The actual practice of Fiji’s political parties are equally, if not more interesting.

What criteria to judge parties?

In all political parties, there is a tension or conflict of interest between transparent accountability to the supporters, and the interests of often manipulative men and women in the shadows behind the leaders.

Voters and party supporters can better understand the nature of internal democracy of their own political parties by seeking answers to the following questions:

(a) how are Party Leaders and position holders chosen?

(b) How are candidates chosen?

(c) How are policies chosen?

(d) How free are party supporters to question their leaders without fear of victimization, and actually receive answers?

(e) How accountable are political parties to their supporters for their decisions?

(f) how accountable are political parties for the  revenues that they raise from their supporters (obvious and often hidden corporate sources) and how do they spend them?

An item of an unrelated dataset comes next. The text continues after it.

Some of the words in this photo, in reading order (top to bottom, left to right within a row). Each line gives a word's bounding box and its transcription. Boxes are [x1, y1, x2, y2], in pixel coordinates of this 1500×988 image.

(g) Is there a genuine leadership structure and succession plan so that should the Party Leader disappear, for whatever reasons, there is an obvious successor available, or at least a second tier of Deputies from whom the Party Leader can be chosen by some democratic process?

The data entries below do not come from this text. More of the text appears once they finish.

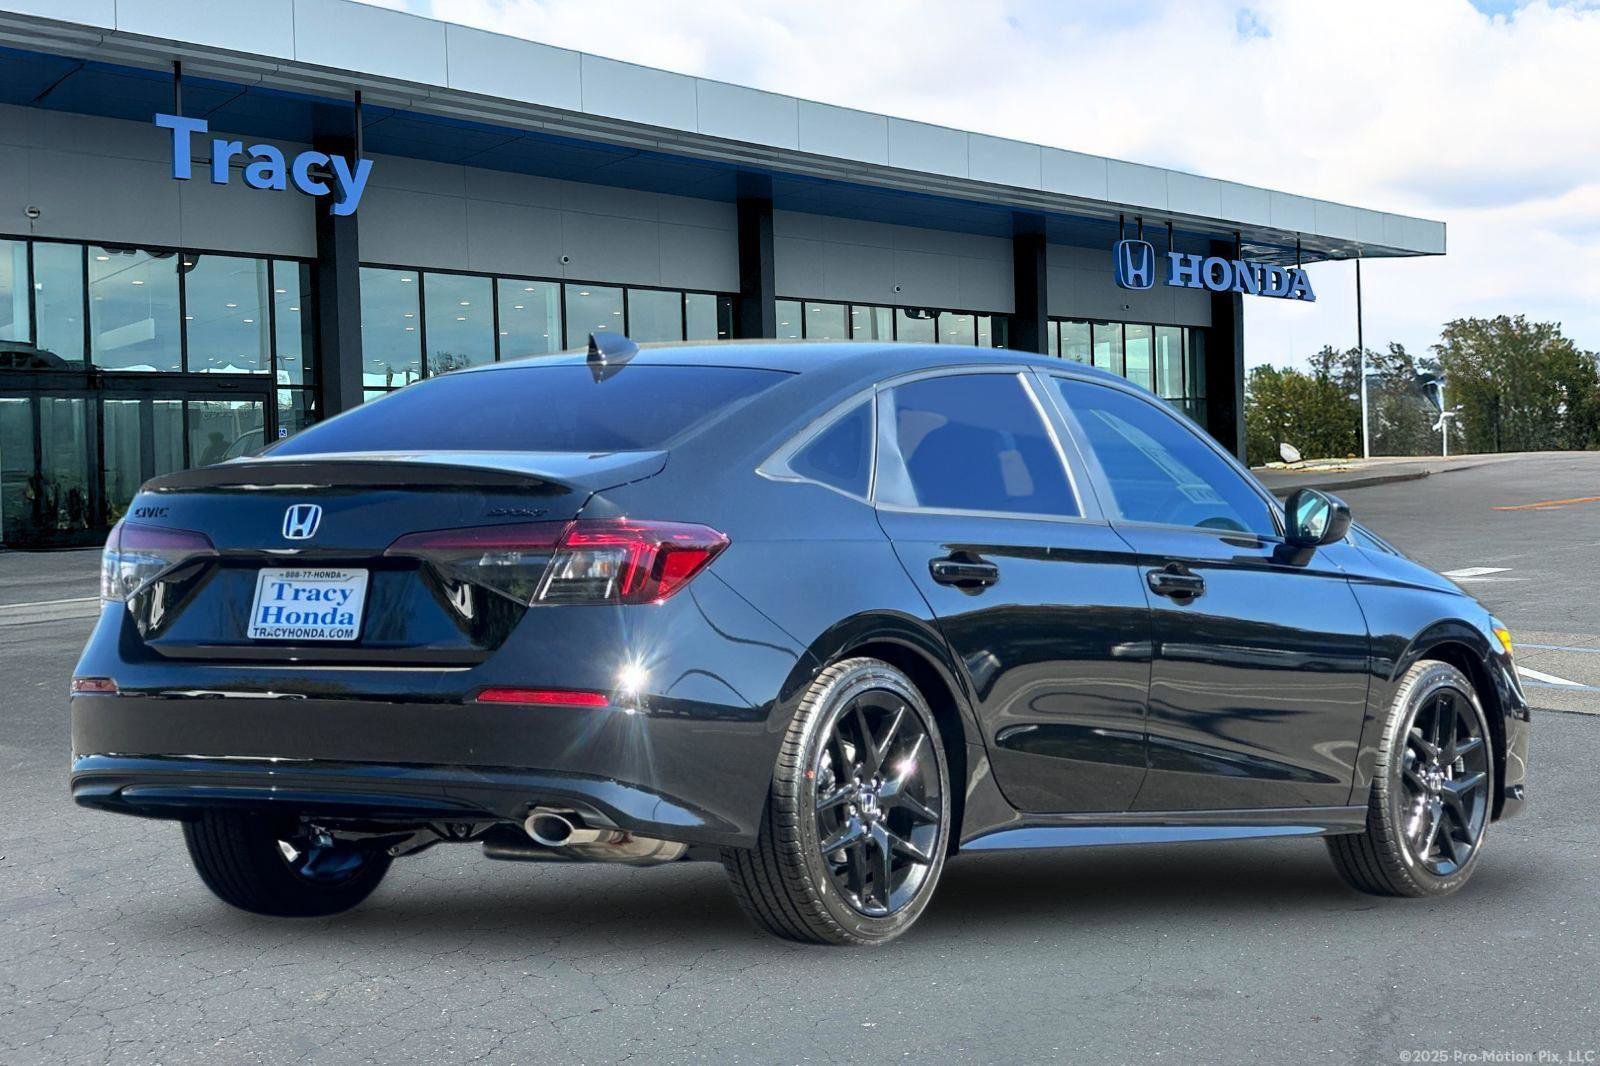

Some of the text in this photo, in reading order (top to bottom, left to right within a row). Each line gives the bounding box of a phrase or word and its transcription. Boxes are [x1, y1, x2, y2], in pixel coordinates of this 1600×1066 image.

[153, 113, 374, 216] Tracy
[1167, 251, 1316, 302] HONDA
[135, 506, 169, 518] CIVIC
[271, 582, 353, 606] Tracy
[261, 606, 354, 625] Honda
[253, 627, 353, 638] TRACYHONDA.COM
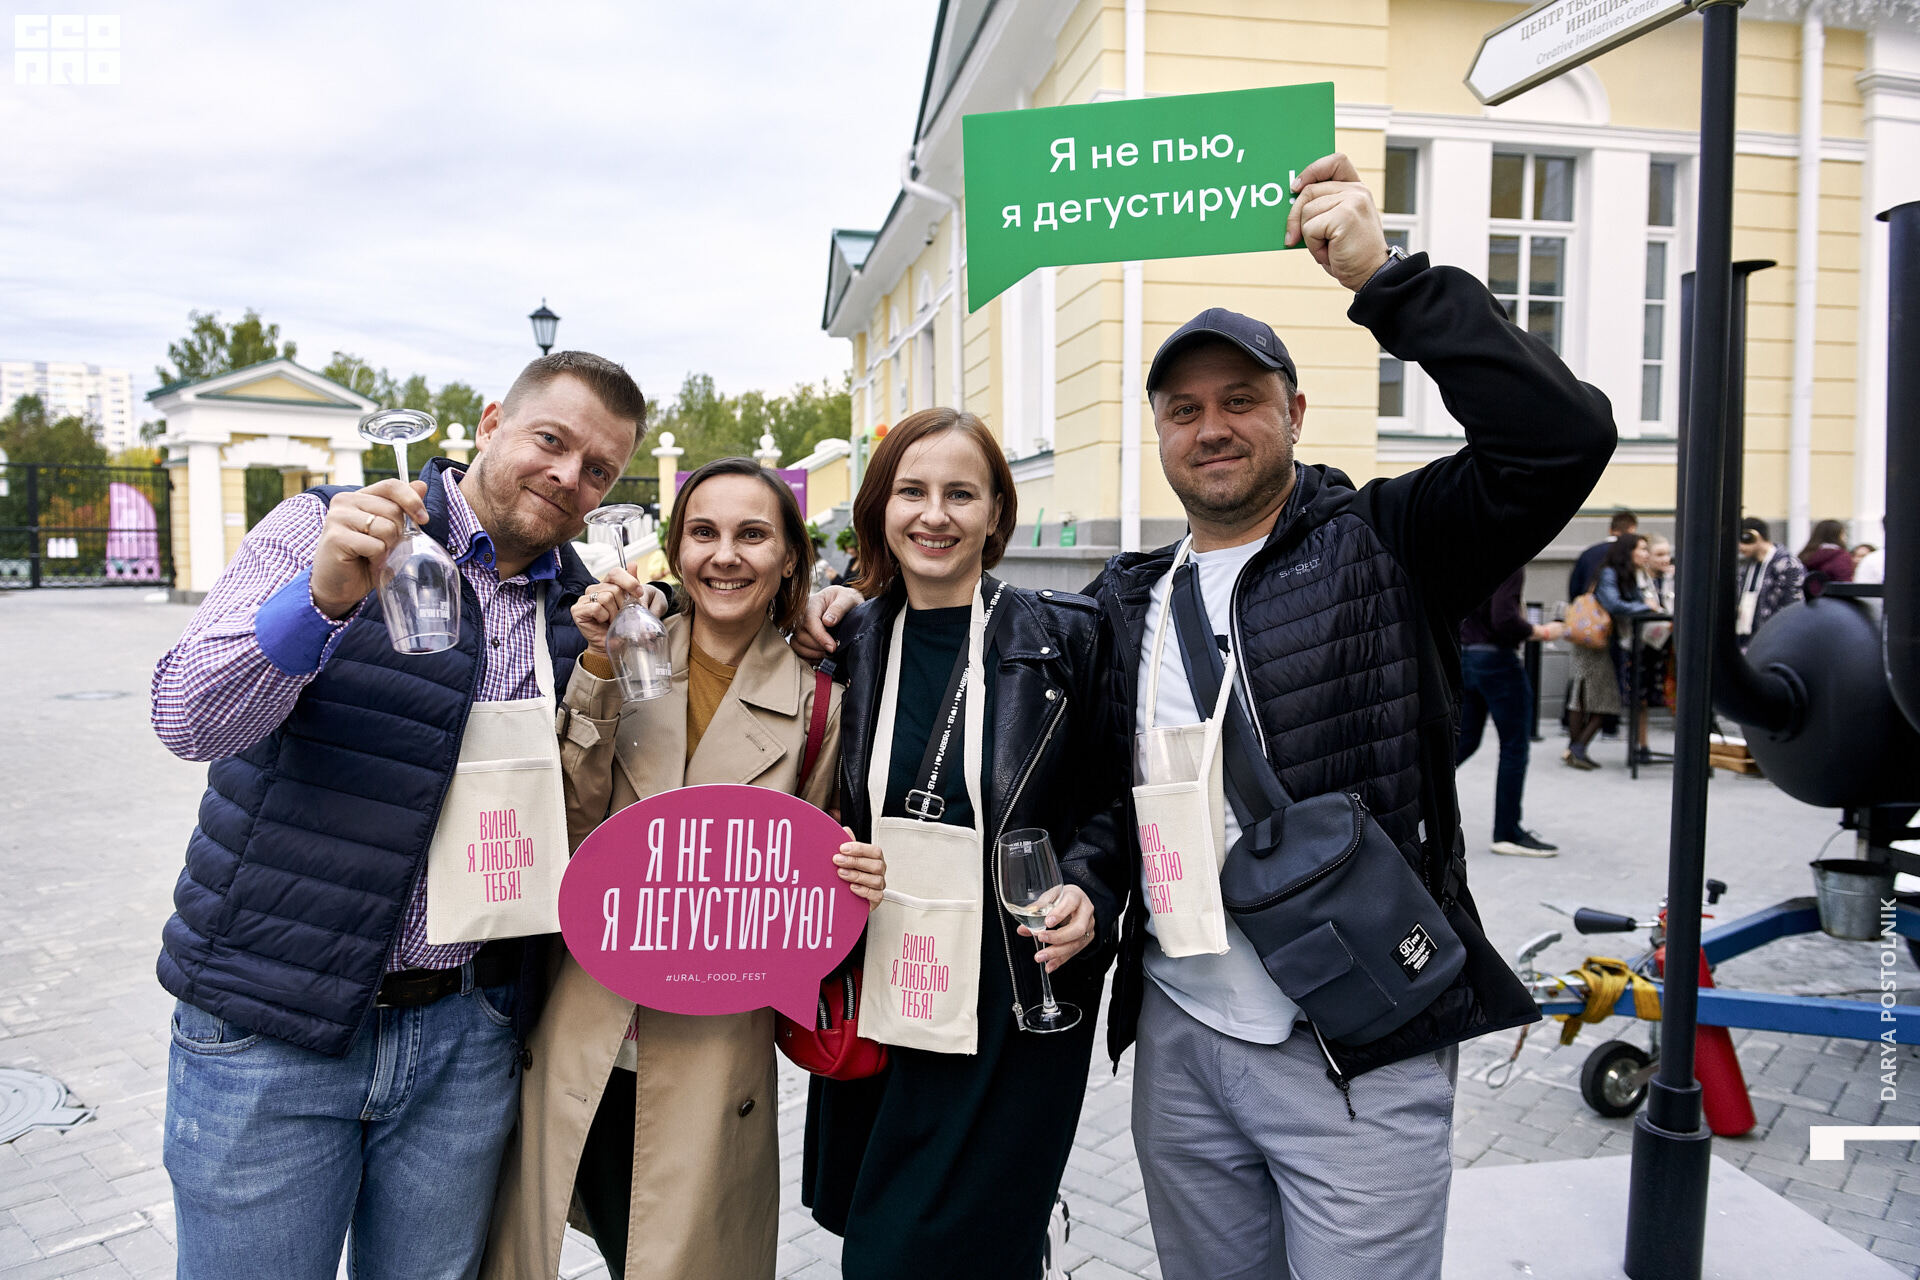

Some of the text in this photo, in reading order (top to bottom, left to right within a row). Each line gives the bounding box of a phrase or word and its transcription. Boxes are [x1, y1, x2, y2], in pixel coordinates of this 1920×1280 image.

Indeed nearly all the questions that one can ask of the accountability and transparency of governments, can be equally asked of the political parties and their leaders.

Usual practice in Fiji

Voters who have some knowledge of Fiji’s previous political parties will know that most of them fail nearly all the tests posed by these questions above.

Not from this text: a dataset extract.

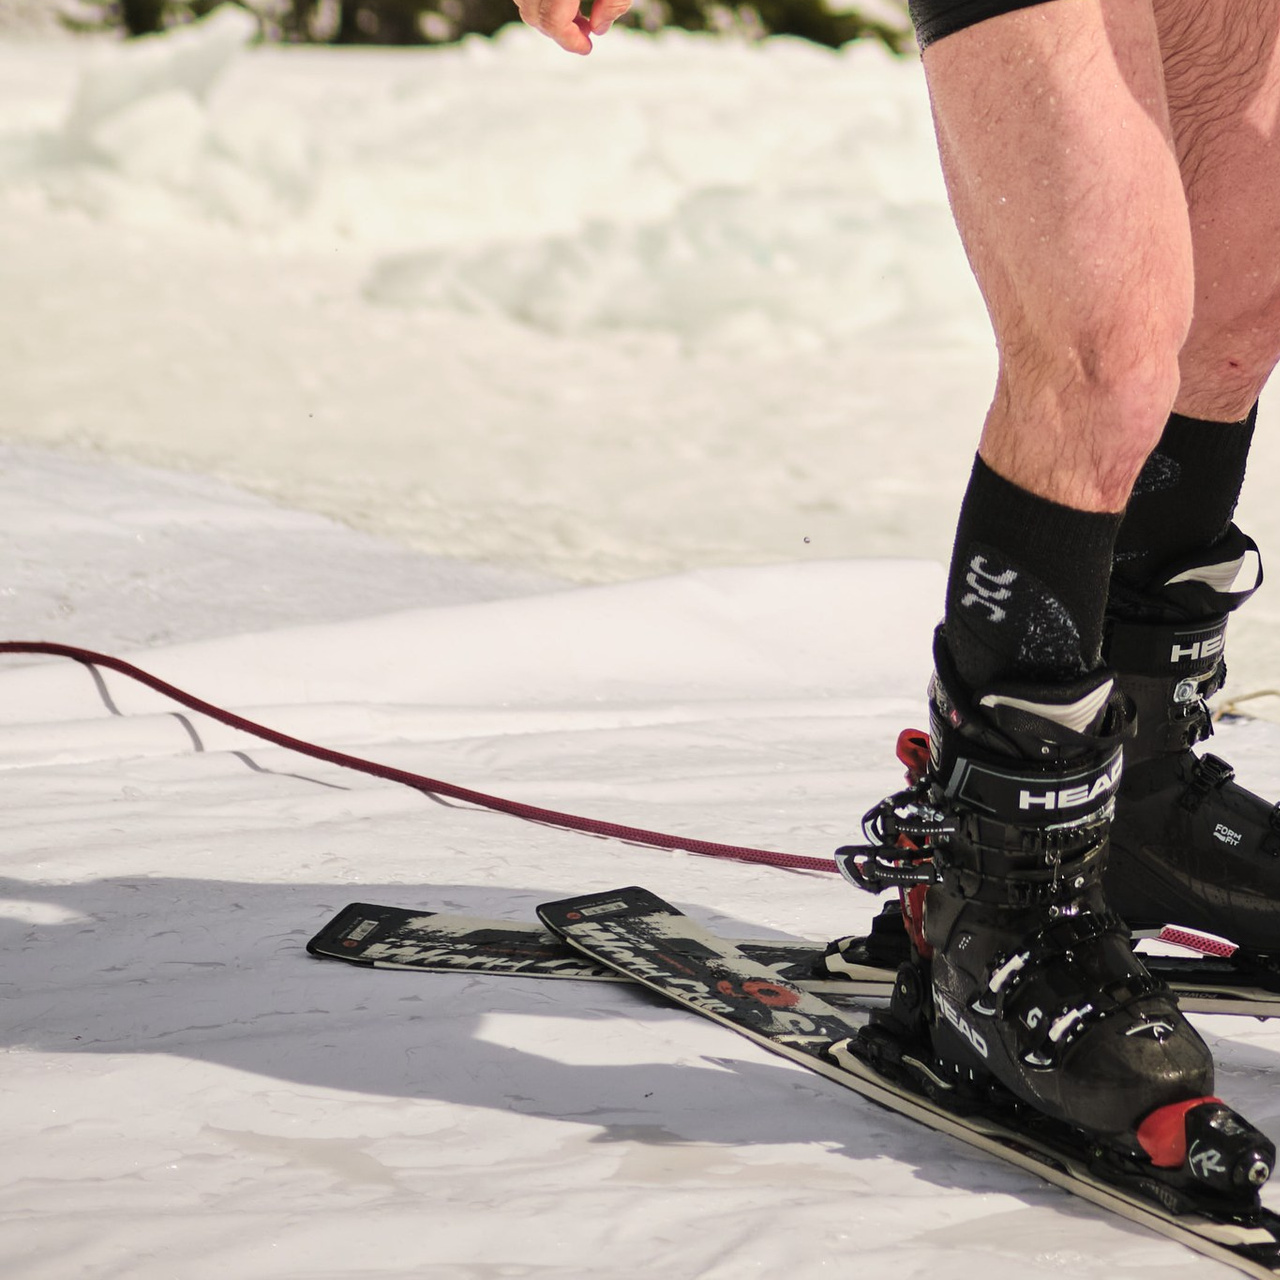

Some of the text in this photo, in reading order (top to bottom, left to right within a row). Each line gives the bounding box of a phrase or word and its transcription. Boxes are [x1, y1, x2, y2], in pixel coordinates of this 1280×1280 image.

[1170, 634, 1225, 663] HE
[1019, 751, 1123, 810] HEAD
[1214, 823, 1242, 841] FORM
[1225, 836, 1240, 846] FIT

Quite often, the Party Leader or a small shadowy  group of trusted advisers, make all the decisions, which are handed down to the party supporters on a “take it or leave it” basis.

Often there may even be annual general meetings which are orchestrated by those who control the Party, giving a great facade of democracy, but the decisions are all made by a small elite, and often the Great Party Leader, and “passed” by the gathering, with no debate tolerated.

Often, no one knows how much money has been raised and where the money has gone, with properly audited accounts as rare as hen’s teeth.

One can have long discussions about each of the questions above.

But one very obvious one that all voters can themselves apply today is (g):  do Party Leaders have a genuine democratic succession plan and genuine “Deputies”?

e.g. Who are the Genuine Deputies?

One can easily apply this question to the political Parties and governments led by Ratu Mara, Dr Bavadra (or Jai Ram Reddy and Mahendra Chaudhry), Rabuka, Chaudhry, and lately Rear Admiral Bainimarama.

I suggest that it would be rare indeed to be able to find any with a definite succession plan, based on genuine democracy in the Party and government.

Indeed the practice used to be quite the opposite.

Some Leaders made sure that there was no second tier leaders who could possibly challenge him.

If any arose and showed signs of leadership, they were chopped off (one version of the “tall poppy” syndrome).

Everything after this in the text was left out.